(EXERCISE PROMPT):
Starting with the first line and ending with the last, transcribe the data exactly.

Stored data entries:
┄┄┄┄┄┄┄┄┄┄┄┄┄┄┄┄┄┄┄┄
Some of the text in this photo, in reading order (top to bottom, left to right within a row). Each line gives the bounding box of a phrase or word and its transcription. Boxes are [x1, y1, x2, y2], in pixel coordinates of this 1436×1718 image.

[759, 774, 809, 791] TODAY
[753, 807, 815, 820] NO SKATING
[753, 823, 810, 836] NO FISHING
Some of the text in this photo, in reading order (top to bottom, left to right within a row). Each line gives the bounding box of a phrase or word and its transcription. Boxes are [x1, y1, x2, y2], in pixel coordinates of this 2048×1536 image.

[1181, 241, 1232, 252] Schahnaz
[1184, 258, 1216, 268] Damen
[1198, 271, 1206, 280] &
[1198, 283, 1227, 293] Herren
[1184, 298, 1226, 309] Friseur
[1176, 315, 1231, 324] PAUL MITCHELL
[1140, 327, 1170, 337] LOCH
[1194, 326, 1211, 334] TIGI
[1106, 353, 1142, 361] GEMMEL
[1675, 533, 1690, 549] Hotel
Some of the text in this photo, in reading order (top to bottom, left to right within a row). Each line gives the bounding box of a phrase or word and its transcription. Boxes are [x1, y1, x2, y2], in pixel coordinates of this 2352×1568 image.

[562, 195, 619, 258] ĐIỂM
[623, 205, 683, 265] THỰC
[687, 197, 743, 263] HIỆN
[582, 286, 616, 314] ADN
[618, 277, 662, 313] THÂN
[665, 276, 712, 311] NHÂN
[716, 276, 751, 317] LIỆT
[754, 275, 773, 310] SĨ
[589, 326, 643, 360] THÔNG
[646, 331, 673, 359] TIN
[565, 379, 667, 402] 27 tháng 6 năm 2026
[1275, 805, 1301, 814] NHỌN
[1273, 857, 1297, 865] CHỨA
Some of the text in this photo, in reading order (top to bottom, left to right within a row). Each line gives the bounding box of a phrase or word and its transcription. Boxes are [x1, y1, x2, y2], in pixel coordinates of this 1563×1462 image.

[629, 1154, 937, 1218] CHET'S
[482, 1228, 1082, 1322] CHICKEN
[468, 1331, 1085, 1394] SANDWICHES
┄┄┄┄┄┄┄┄┄┄┄┄┄┄┄┄┄┄┄┄
(YOUR SOLUTION):
Some of the text in this photo, in reading order (top to bottom, left to right within a row). Each line gives the bounding box of a phrase or word and its transcription. Boxes are [x1, y1, x2, y2], in pixel coordinates of this 1436×1718 image.

[759, 774, 809, 791] TODAY
[753, 807, 815, 820] NO SKATING
[753, 823, 810, 836] NO FISHING
Some of the text in this photo, in reading order (top to bottom, left to right within a row). Each line gives the bounding box of a phrase or word and its transcription. Boxes are [x1, y1, x2, y2], in pixel coordinates of this 2048×1536 image.

[1181, 241, 1232, 252] Schahnaz
[1184, 258, 1216, 268] Damen
[1198, 271, 1206, 280] &
[1198, 283, 1227, 293] Herren
[1184, 298, 1226, 309] Friseur
[1176, 315, 1231, 324] PAUL MITCHELL
[1140, 327, 1170, 337] LOCH
[1194, 326, 1211, 334] TIGI
[1106, 353, 1142, 361] GEMMEL
[1675, 533, 1690, 549] Hotel
Some of the text in this photo, in reading order (top to bottom, left to right within a row). Each line gives the bounding box of a phrase or word and its transcription. Boxes are [x1, y1, x2, y2], in pixel coordinates of this 2352×1568 image.

[562, 195, 619, 258] ĐIỂM
[623, 205, 683, 265] THỰC
[687, 197, 743, 263] HIỆN
[582, 286, 616, 314] ADN
[618, 277, 662, 313] THÂN
[665, 276, 712, 311] NHÂN
[716, 276, 751, 317] LIỆT
[754, 275, 773, 310] SĨ
[589, 326, 643, 360] THÔNG
[646, 331, 673, 359] TIN
[565, 379, 667, 402] 27 tháng 6 năm 2026
[1275, 805, 1301, 814] NHỌN
[1273, 857, 1297, 865] CHỨA
Some of the text in this photo, in reading order (top to bottom, left to right within a row). Each line gives the bounding box of a phrase or word and its transcription. Boxes are [x1, y1, x2, y2], in pixel coordinates of this 1563×1462 image.

[629, 1154, 937, 1218] CHET'S
[482, 1228, 1082, 1322] CHICKEN
[468, 1331, 1085, 1394] SANDWICHES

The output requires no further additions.